◆ **Task statement**
What you return must be the data below, word for word, without any images.

Available data START

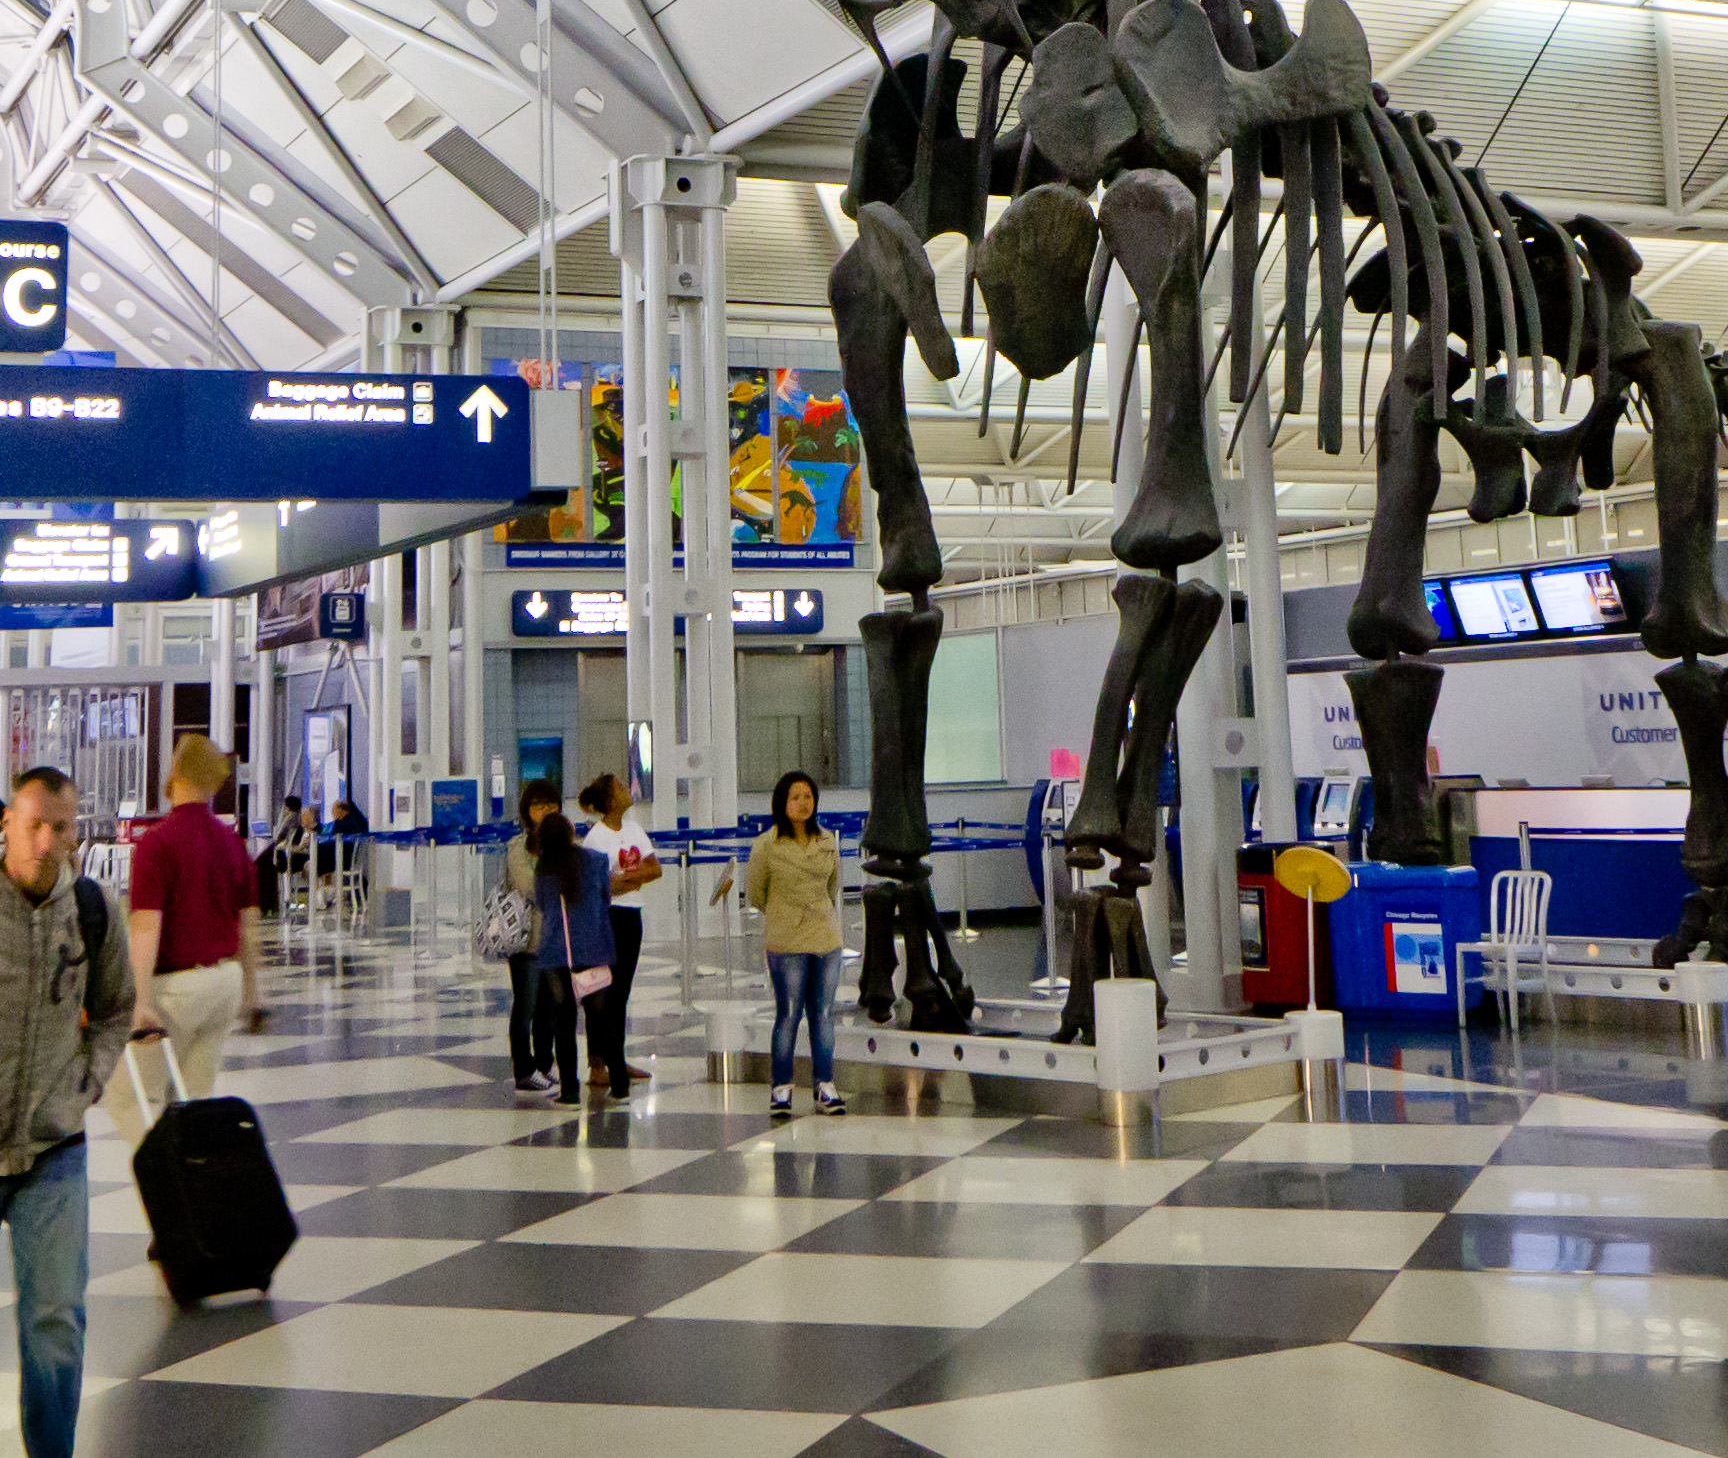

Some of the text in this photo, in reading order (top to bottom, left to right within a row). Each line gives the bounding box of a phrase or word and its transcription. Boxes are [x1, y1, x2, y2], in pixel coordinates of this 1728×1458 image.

[2, 267, 57, 327] C
[267, 379, 405, 402] Baggage Claim
[29, 396, 121, 419] B9-B22
[1611, 725, 1678, 744] Customer

Available data END

◆ **Task result**
Some of the text in this photo, in reading order (top to bottom, left to right within a row). Each line gives the bounding box of a phrase or word and its transcription. Boxes are [x1, y1, x2, y2], in pixel coordinates of this 1728×1458 image.

[2, 267, 57, 327] C
[267, 379, 405, 402] Baggage Claim
[29, 396, 121, 419] B9-B22
[1611, 725, 1678, 744] Customer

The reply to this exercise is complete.